Decapauropus

Scientific classification
- Domain: Eukaryota
- Kingdom: Animalia
- Phylum: Arthropoda
- Subphylum: Myriapoda
- Class: Pauropoda
- Order: Tetramerocerata
- Family: Pauropodidae
- Genus: Decapauropus Remy, 1931

= Decapauropus =

Genus of pauropods

Decapauropus is a large genus of pauropods in the family Pauropodidae that includes more than 300 species. This genus was originally described by the French zoologist Paul Remy in 1931 to contain the newly discovered type species Decapauropus cuenoti. As the name of this genus suggests, this genus is notable for including females with ten pairs of legs instead of the nine leg pairs usually found in adult pauropods in the order Tetramerocerata. Before the discovery of D. cuenoti, adult pauropods were thought to have invariably nine pairs of legs.

== Description ==
In 1957, Remy demoted Decapauropus from a genus to a subgenus within the genus Allopauropus, but the Swedish zoologist Ulf Scheller restored Decapauropus as a separate genus in 2008. Pauropods in both genera have five-segmented legs for the first and last leg pairs and six-segmented legs for the pairs in between.

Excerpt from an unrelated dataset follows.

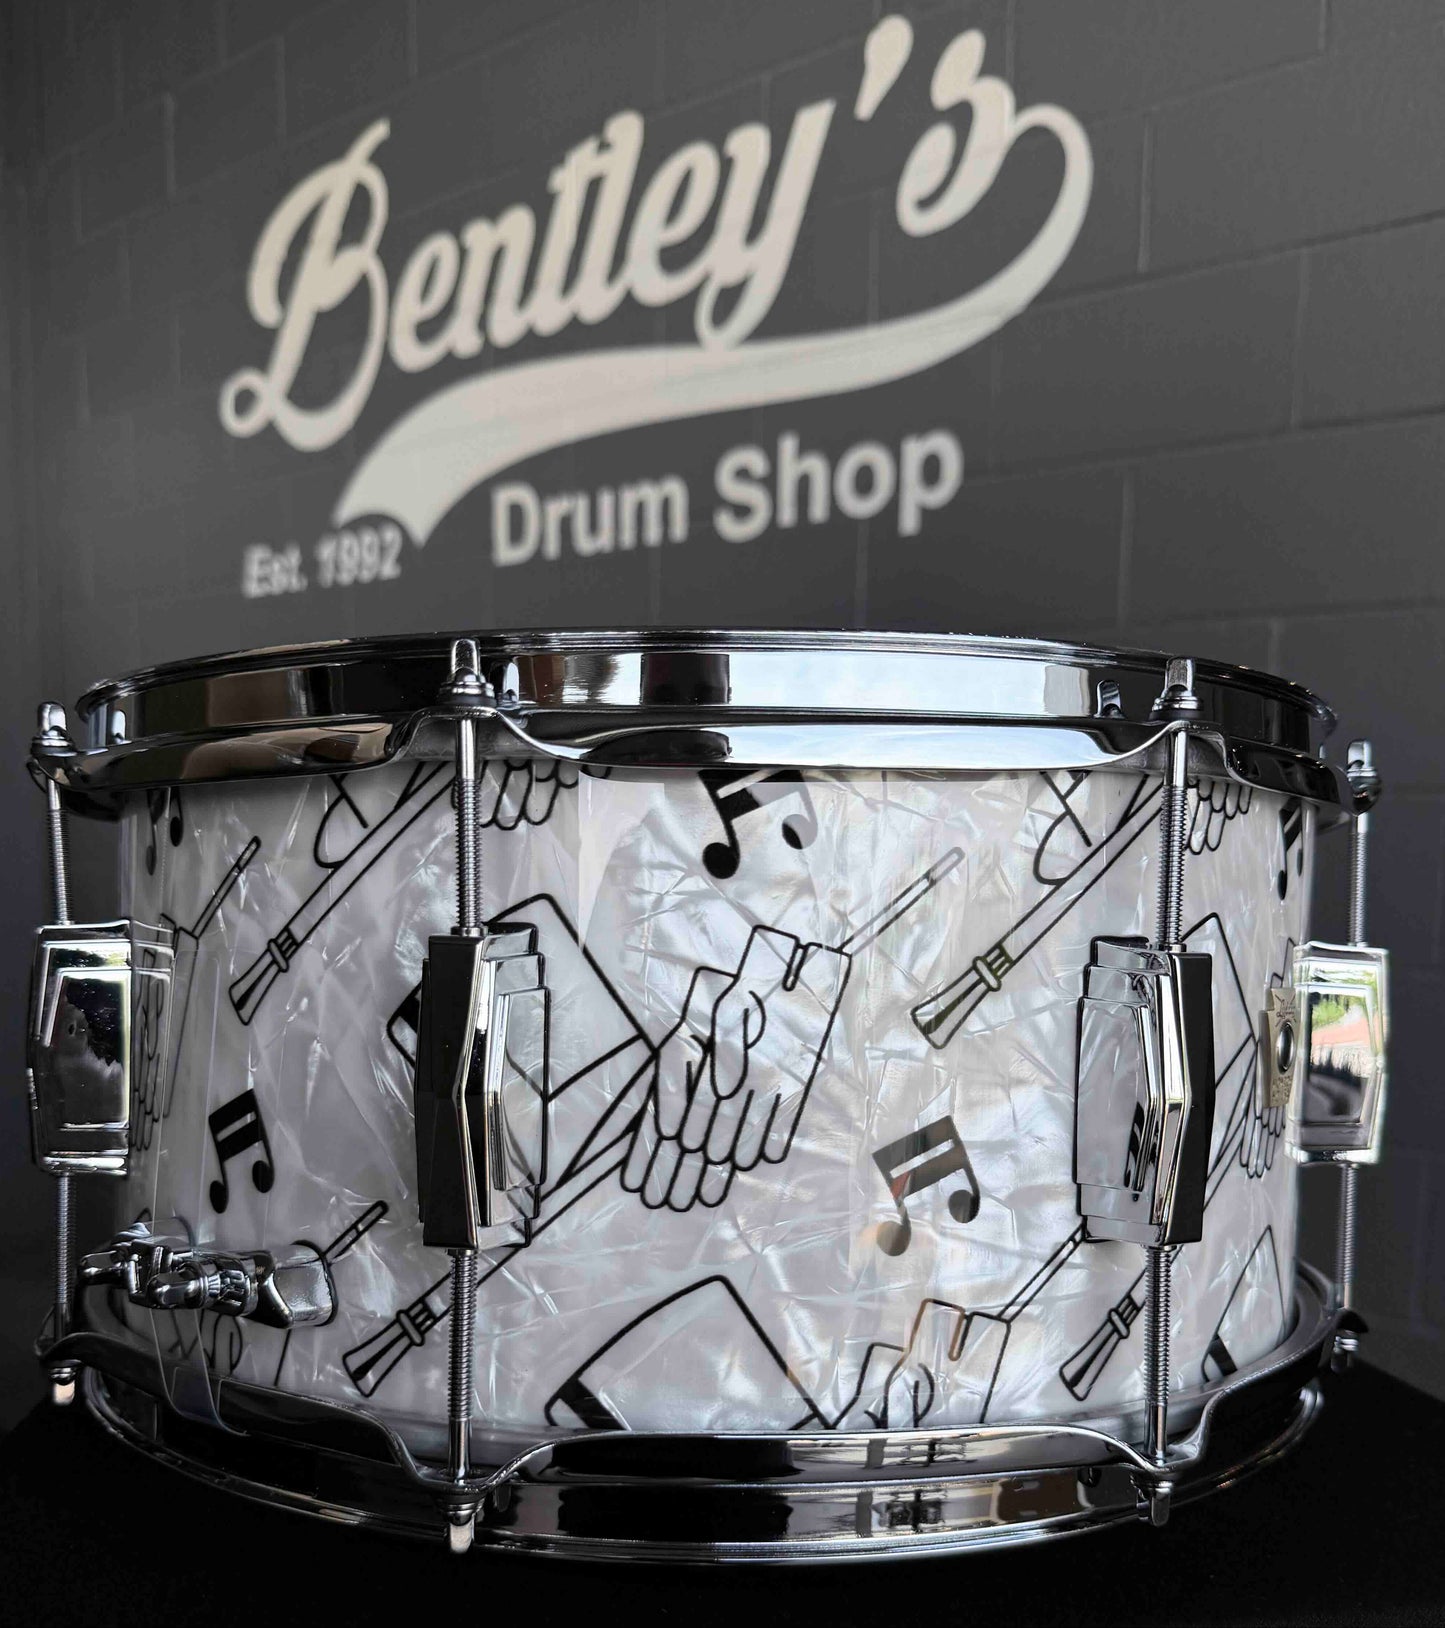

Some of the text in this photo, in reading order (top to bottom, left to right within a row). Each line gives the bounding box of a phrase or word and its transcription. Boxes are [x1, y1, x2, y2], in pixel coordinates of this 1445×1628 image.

[220, 14, 1092, 451] Bentley's
[243, 525, 402, 598] Est. 1992
[492, 430, 963, 567] Drum Shop
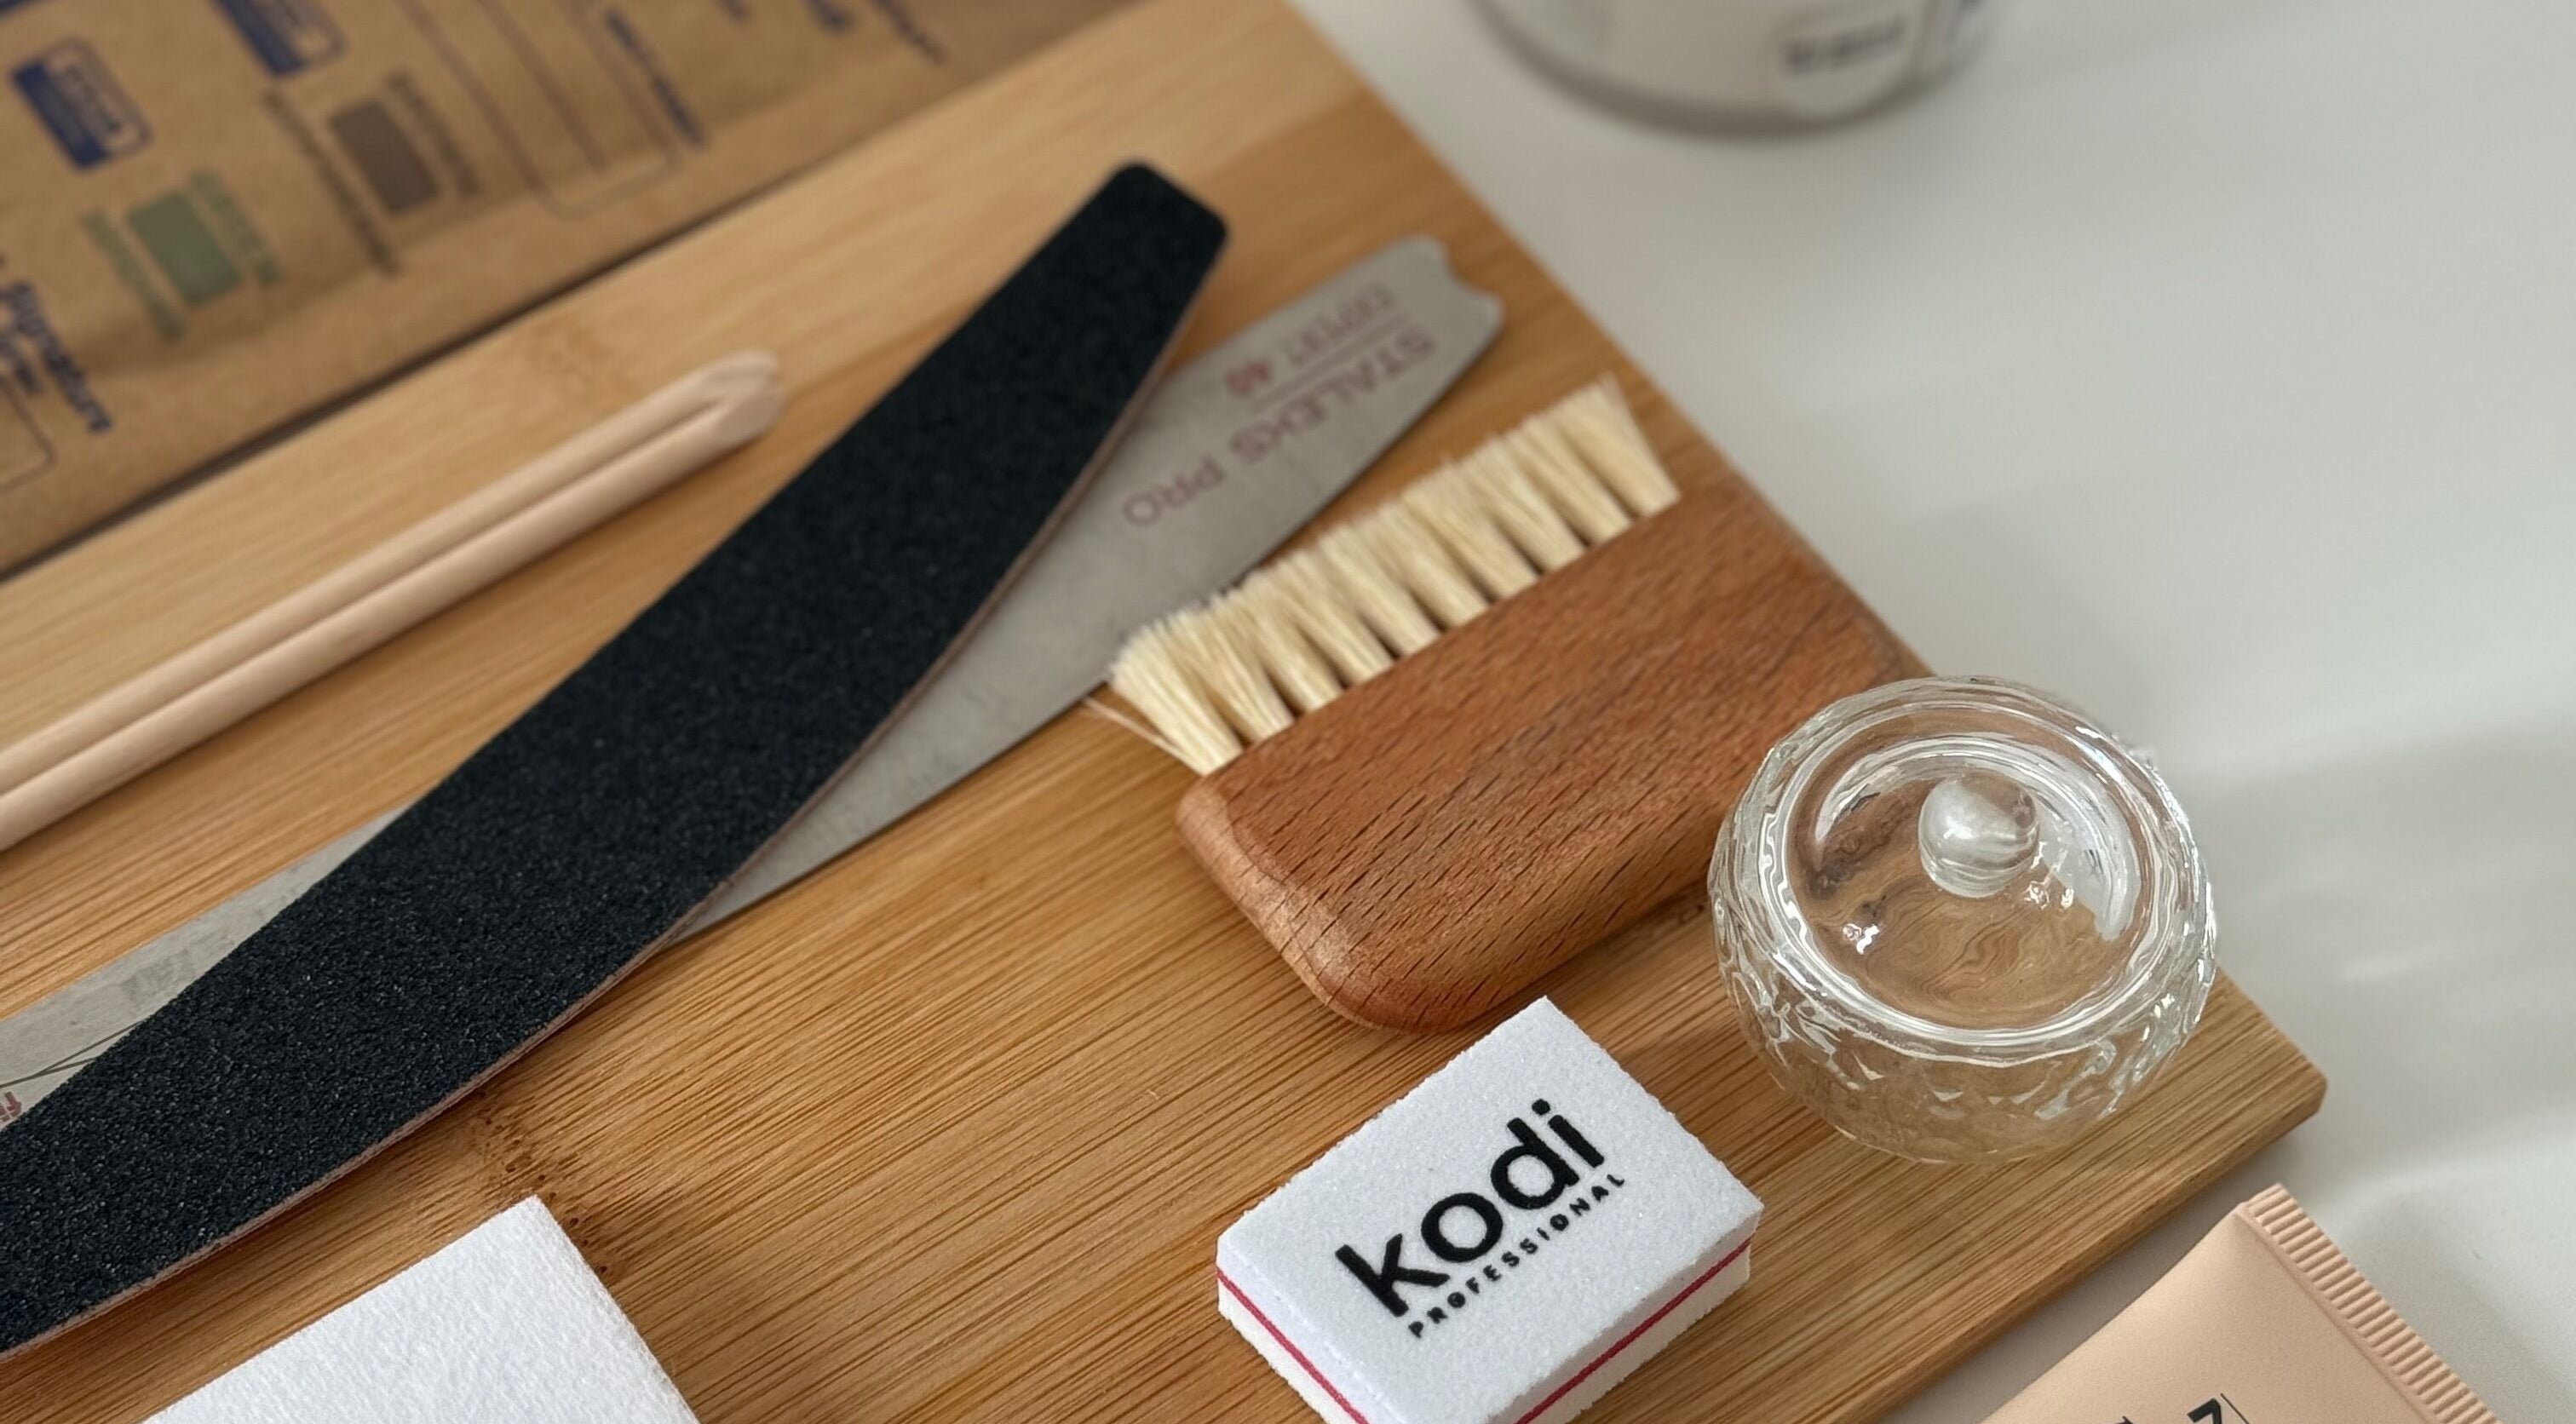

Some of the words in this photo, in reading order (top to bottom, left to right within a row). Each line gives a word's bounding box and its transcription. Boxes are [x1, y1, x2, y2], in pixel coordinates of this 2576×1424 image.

The two genera can be distinguished, however, by the setae on the pygidial sternum: Whereas Decapauropus has two pairs of setae, Allopauropus has three pairs. Furthermore, the two genera differ in the subadult (fourth) stage of post-embryonic development in terms of the setae on the pygidial tergum: Whereas Decapauropus has only one pair of setae, Allopauropus has two pairs.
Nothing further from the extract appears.